I don't want to be comfortable. I don't want my girls to be comfortable. I want them to live their lives with passion and fire and exuberance. Comfortable is easy, but comfortable is lazy. There's too much out there that God has planned for us to be satisfied with laziness. Strength and endurance come by throwing off the things that make life easy and running after God's best with all out heart, mind, soul, and strength. That's where the joy is. That's where delight comes from. That's what I want for my girls. That's what the Father wants for me.

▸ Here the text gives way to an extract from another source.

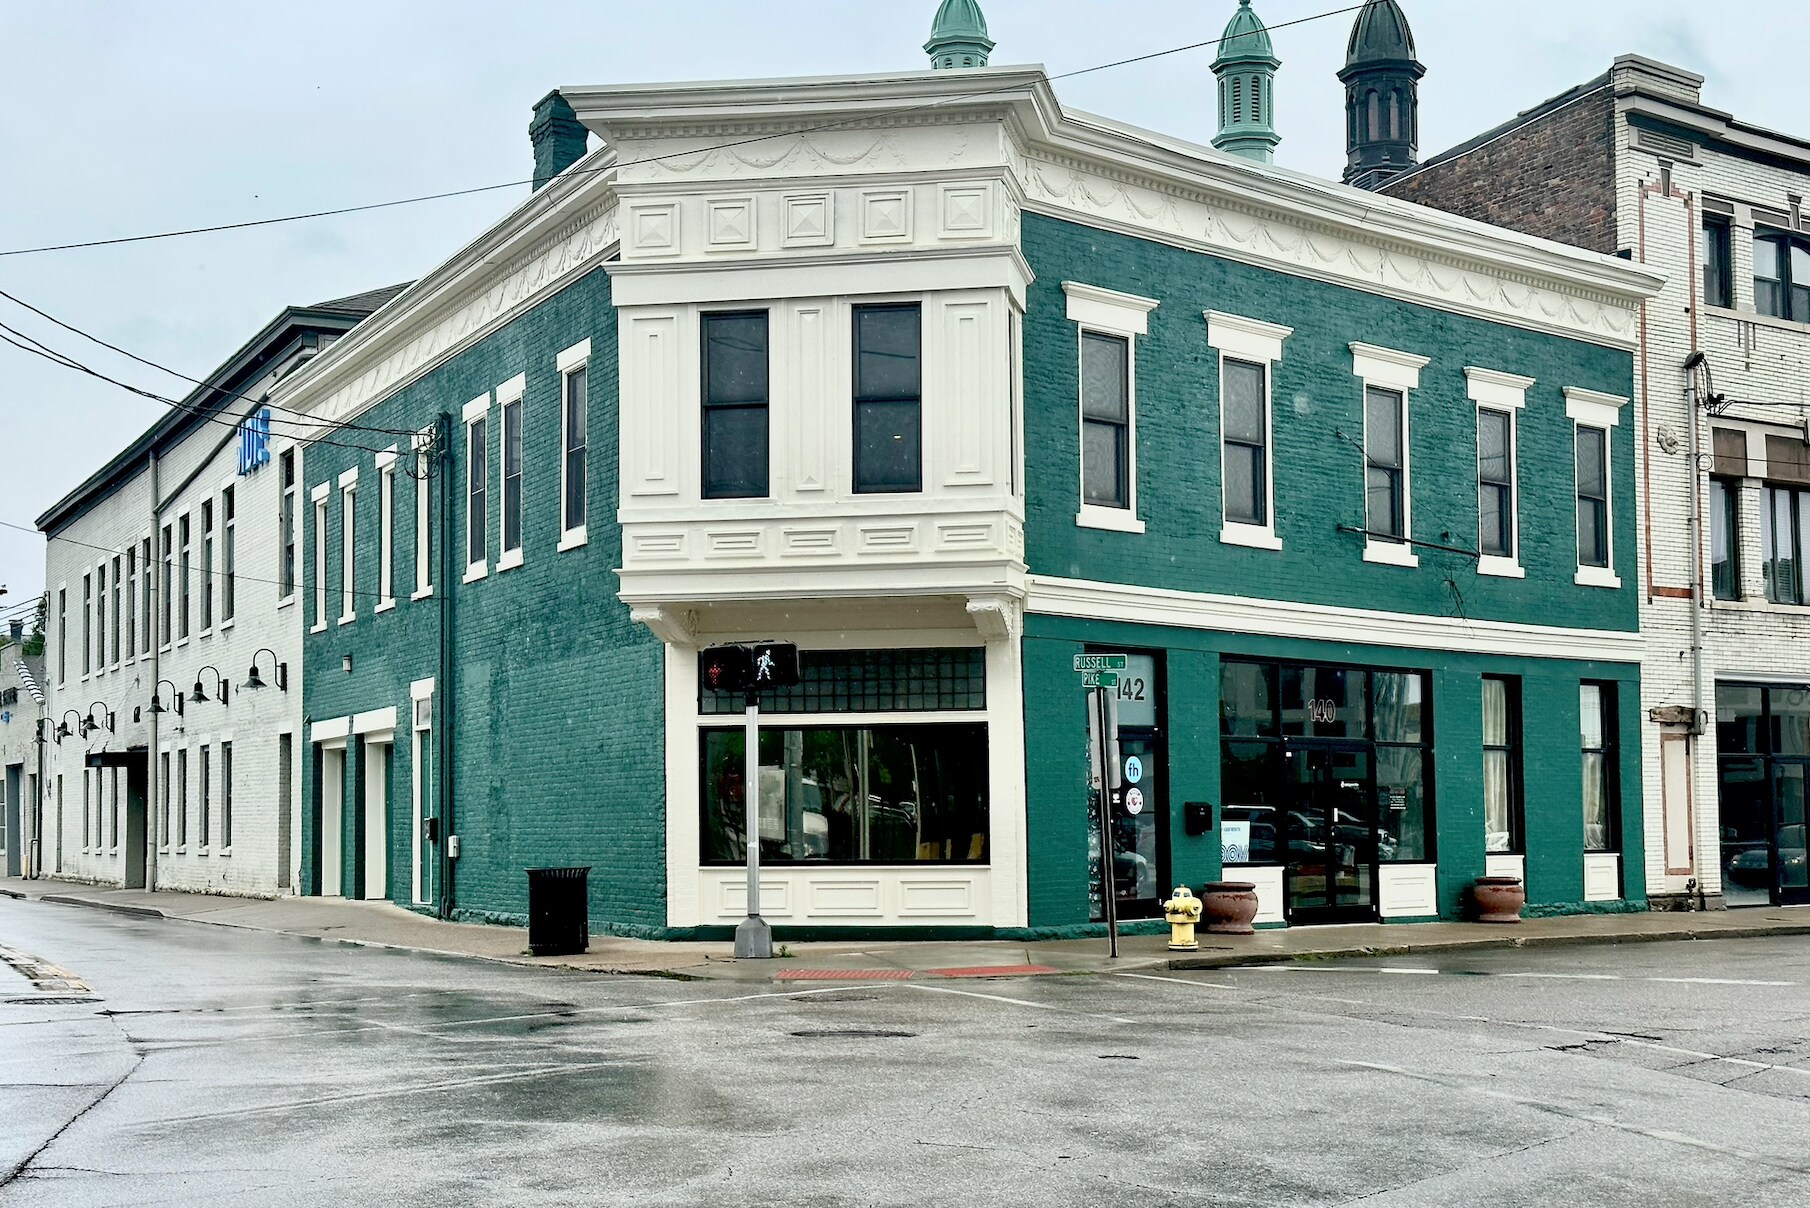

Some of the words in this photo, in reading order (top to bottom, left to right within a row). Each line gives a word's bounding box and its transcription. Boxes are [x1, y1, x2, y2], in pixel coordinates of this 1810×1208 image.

Wednesday, August 10, 2011

3Cs Design--on Etsy

It's been a LONG time since I put anything in my etsy store, but I've been a necklace making manic, so hopefully these will sell (must support the addiction...)

Thursday, July 21, 2011

Inspired by Advertising Challenge

DigiDesignResort has great digital products, but I am REALLY hooked on their challenges. One of the 13 (yes, 13) challenges for July was to scrap a page mimicking a 1950s ad featuring Marilyn Monroe.

It's a classic 50s look, with multiple fonts and a fairly monochromatic color scheme. The first challenge was to decide which family event fit the inspiration. Choosing photos was a challenge because I had to rely on Facebook downloads, which are tiny files. (I get around that by using my OnOne software to enlarge the image. It doesn't do anything for sharpness, but it helps make the pictures workable.) The other thing that I had to figure out was the text. Most of my layouts are photo-heavy and text-light. This one required a fair amount of written language.

I decided to use Corinne's senior prom pictures. She looked particularly elegant, so I thought the "look" would be appropriate. For the journaling, I caught her in a chatty mood and asked her to write up her thoughts about her prom experience. A couple of DDR papers, PSE blending modes and crop shapes, three fonts, and about 30 layers later, I have this memory to share:

See why I like the challenges? I never would have done this without the inspiration of the challenge.

Tuesday, July 12, 2011

Beautiful Like Me

"I am not beautiful like you; I am beautiful like me." (Joydrop)

When I first saw the challenge to create a self-portrait that included these lyrics, I cringed. I am one of the self-critical who will never feel beautiful because my features will never conform to current societal standards. I have worked for years to accept my body type (strong and muscular, when the ideal is tall and slender) and to be satisfied with my looks, from broad forehead to strong jaw. Still, to have to write something linking me to beauty is a challenge. It would be easier to use the quote and ignore the journaling requirement of the challenge, but I know the introspection is good for me, so I set up the camera and think about what makes me uniquely beautiful.
I know people think that I am creative and talented. Others see me as persistent and intense. A few envision me as compassionate and sweet. I've been told I am inspiring. (I haven't quite figured that one out.) I know I am a good teacher with a dry sense of humor, but does that make me beautiful? What defines beauty anyway? I know Psalm 139 by heart, and I've taught on God's standard of beauty, so I know the "right" answers, but that doesn't necessarily mean I feel beautiful on a regular basis.

As I created the easy part of the artwork, I thought about the journaling. Finally I decided to look at the picture carefully and write what I saw. I look pretty good for my age, but I think it is less my features (which are about the same as they've always been) than it is my spirit revealed in my eyes and smile. I am strong. I am positive. I am passionate and intense. Those are the things that make me look the way I do. And in that sense, that makes me beautiful-not like anyone else, but like me.